Möglich ist auch eine pauschale Deckungssumme von zum Beispiel 50.000.000,00 EUR. Hierbei ist allerdings festgelegt, dass pro geschädigter Person nur 8.000.000,00 EUR gedeckt sind. Natürlich möchte der Versicherungsnehmer nicht, dass solch ein Fall eintritt, aber nimmt an beispielsweise an, dass die gesamten Kosten die Deckungssumme übertreffen.

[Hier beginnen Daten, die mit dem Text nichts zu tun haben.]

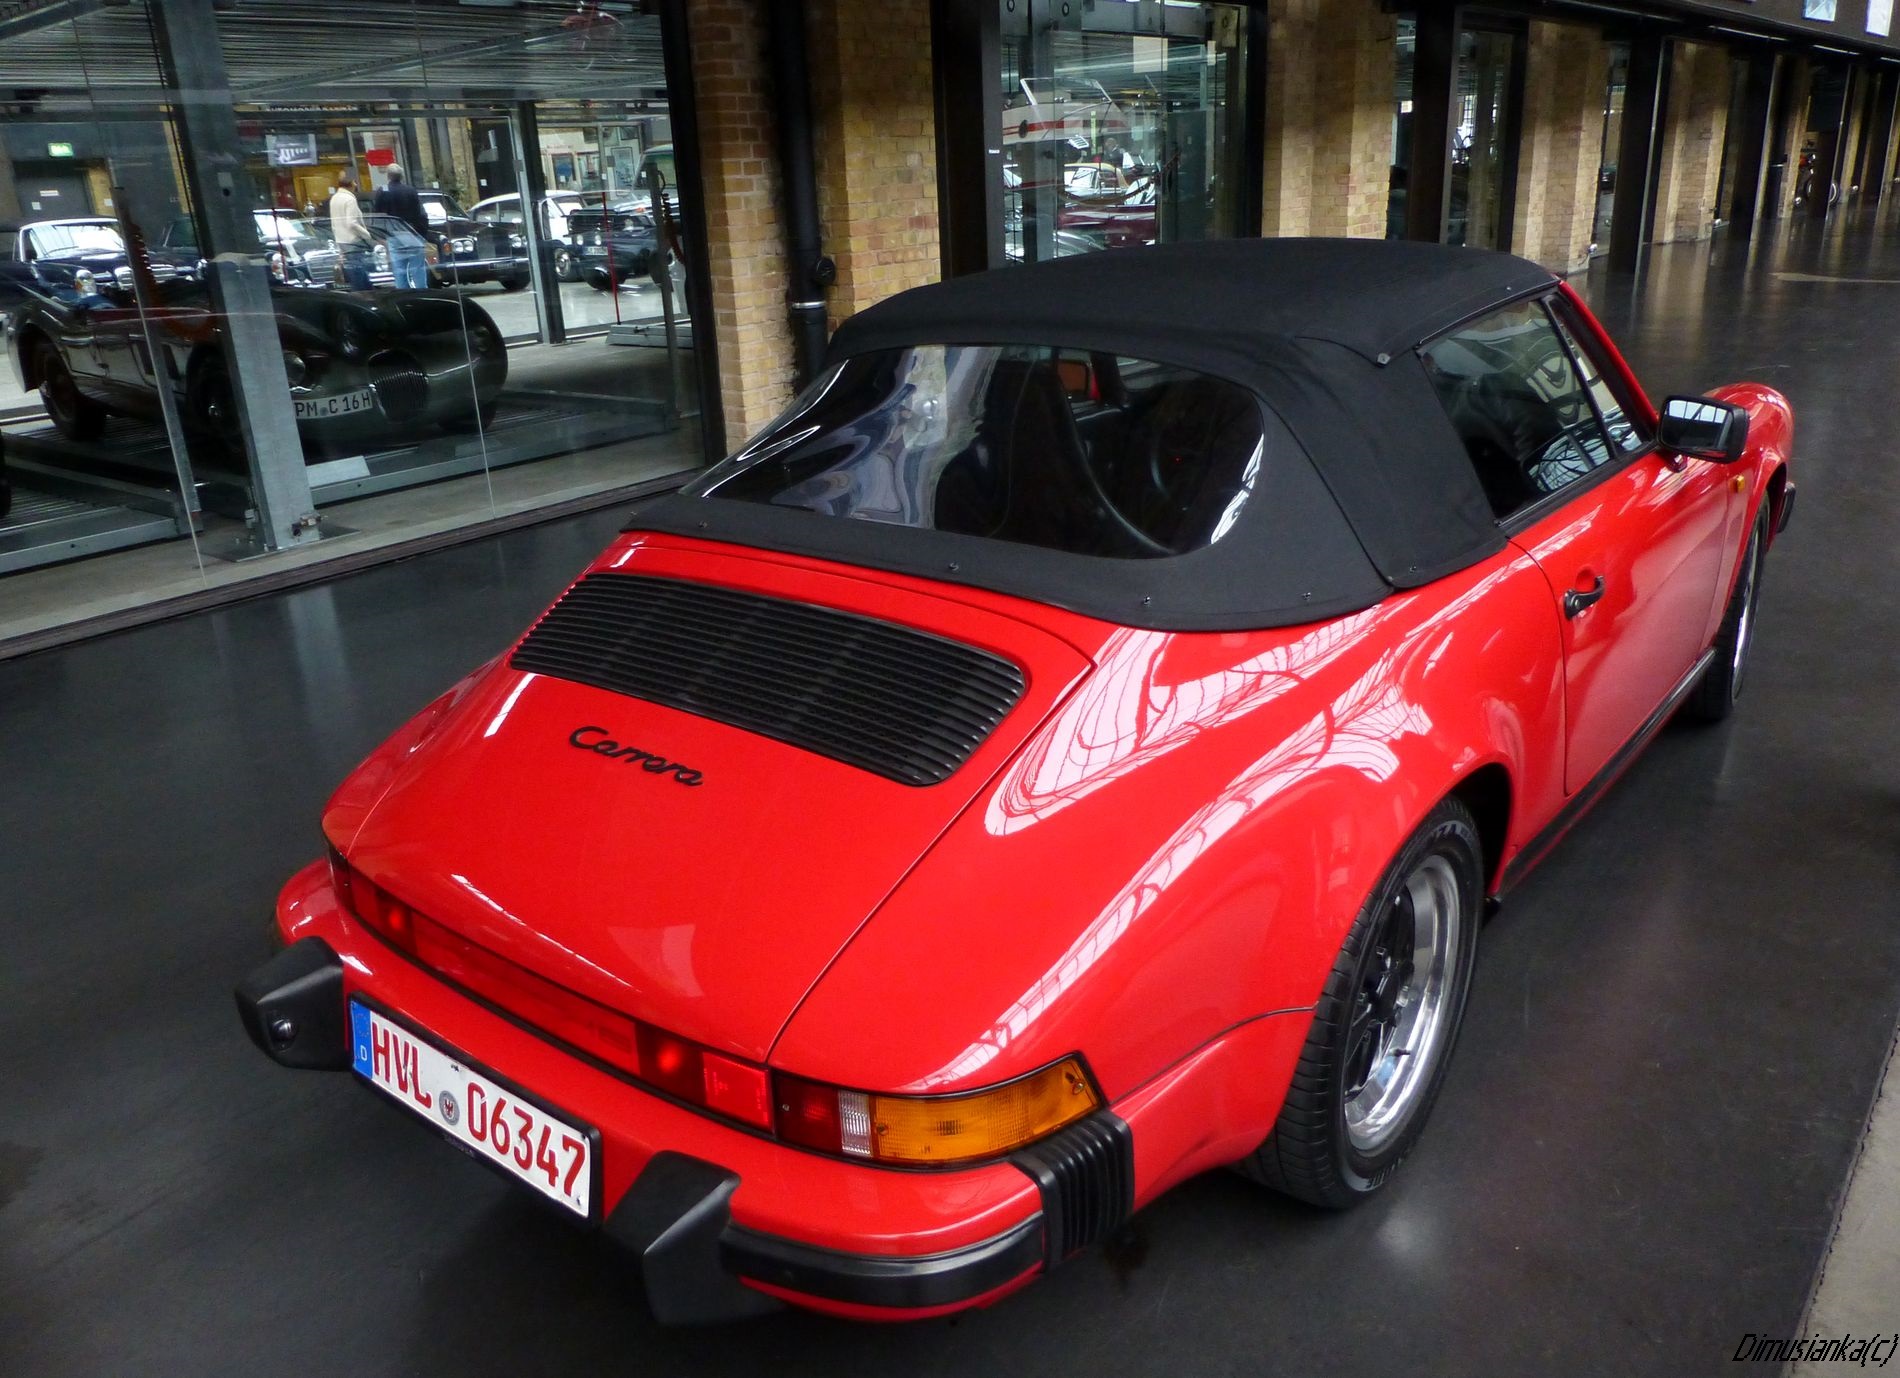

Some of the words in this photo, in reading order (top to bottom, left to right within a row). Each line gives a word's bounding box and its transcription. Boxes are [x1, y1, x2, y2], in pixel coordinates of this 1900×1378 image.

[294, 402, 318, 417] PM
[569, 726, 703, 787] Carrera
[371, 1021, 432, 1109] HVL
[466, 1081, 586, 1197] 06347
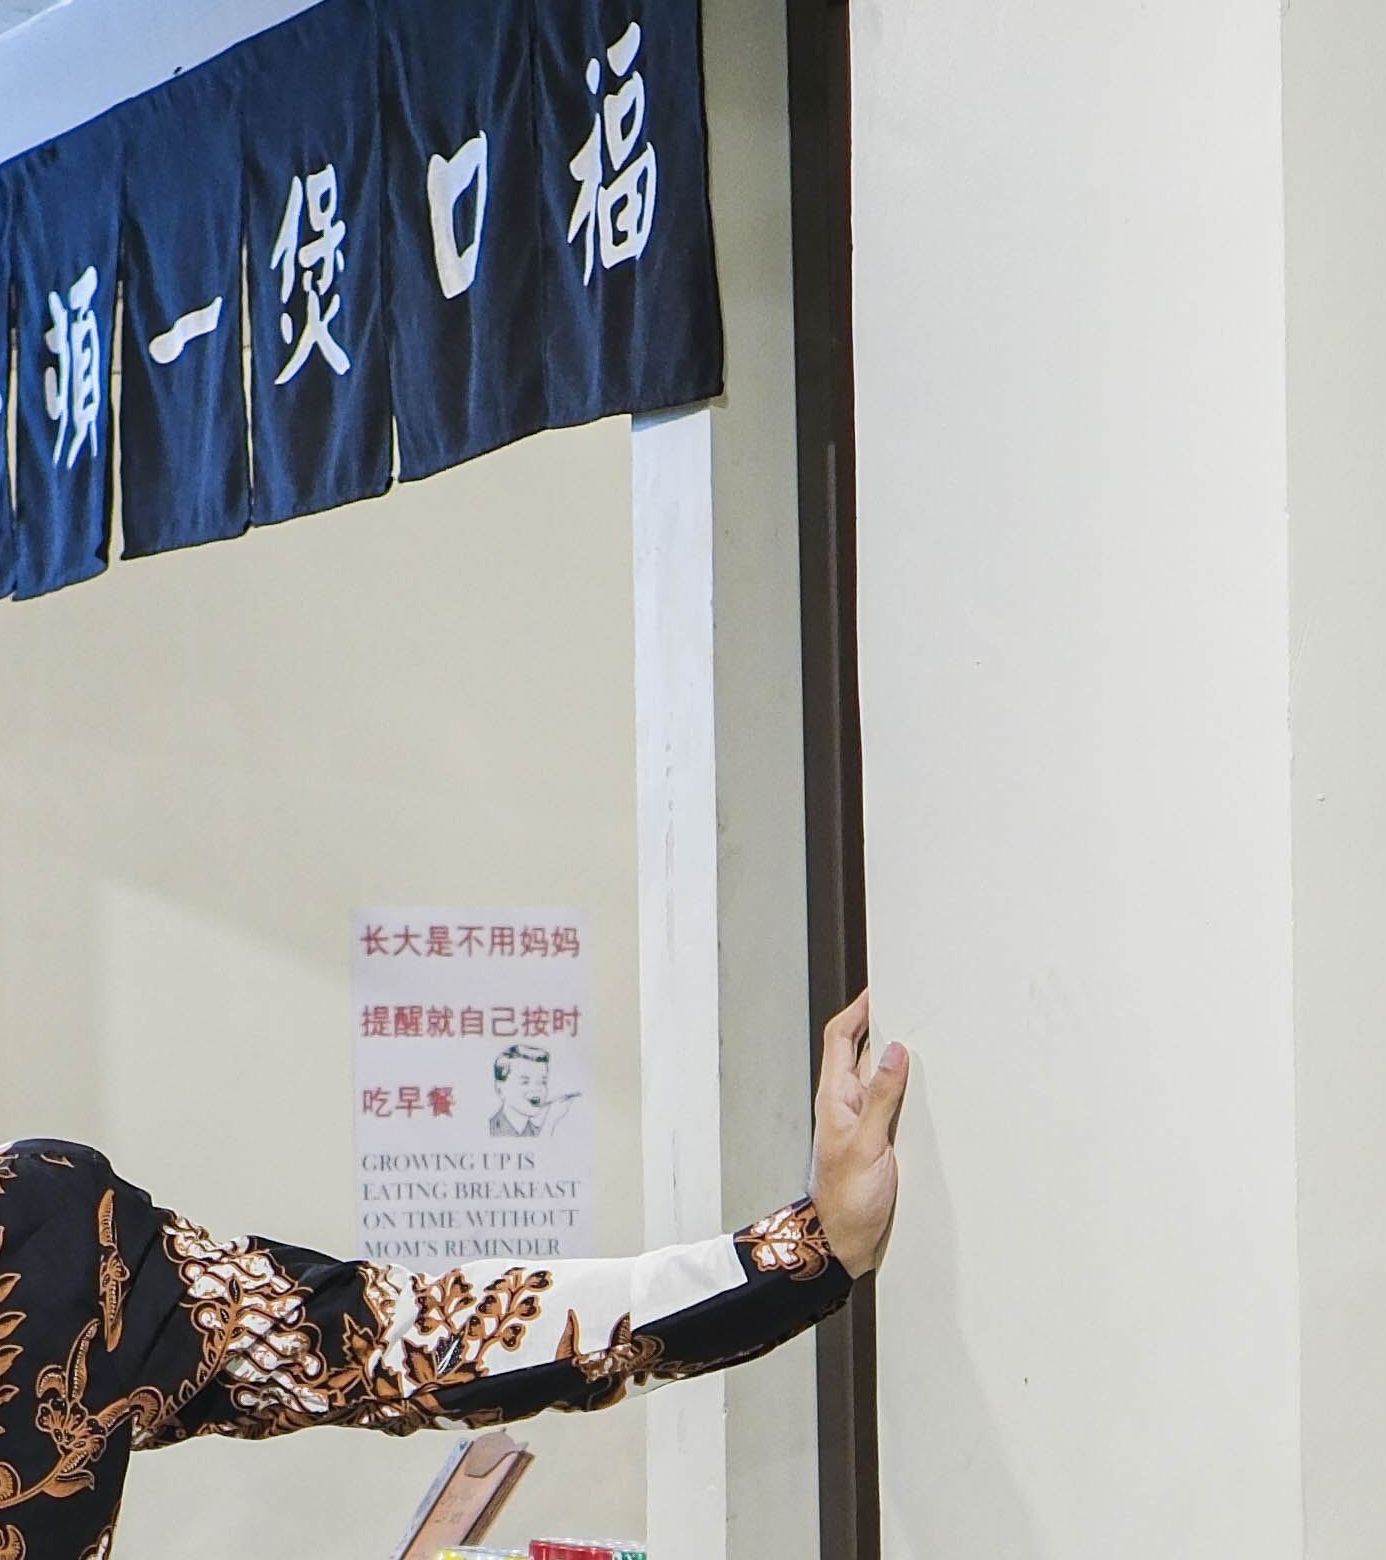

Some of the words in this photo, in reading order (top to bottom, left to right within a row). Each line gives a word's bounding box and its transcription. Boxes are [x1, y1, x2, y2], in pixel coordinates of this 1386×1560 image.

[360, 925, 580, 958] 长大是不用妈妈
[360, 1005, 581, 1039] 提醒就自己按时
[362, 1086, 457, 1119] 吃早餐
[362, 1152, 475, 1171] GROWING
[482, 1153, 512, 1171] UP
[517, 1152, 536, 1170] IS
[362, 1182, 448, 1201] EATING
[454, 1180, 582, 1200] BREAKFAST
[363, 1211, 397, 1229] ON
[402, 1210, 459, 1229] TIME
[465, 1209, 580, 1228] WITHOUT
[364, 1239, 439, 1258] MOM'S
[444, 1237, 562, 1257] REMINDER

In einem solchen Fall muss der Versicherte die Differenz zwischen der Deckungssumme und den tatsächlichen Kosten selbst tragen und aus eigenen Mitteln erstatten. Ein Versicherer ist einem Geschädigten gegenüber rechtlich zur Zahlung verpflichtet. Im Falle eines grob fahrlässigen Verhalten des Unfallverursachers wird der Versicherer gegen den Versicherten dann allerdings einen Regressanspruch geltend machen.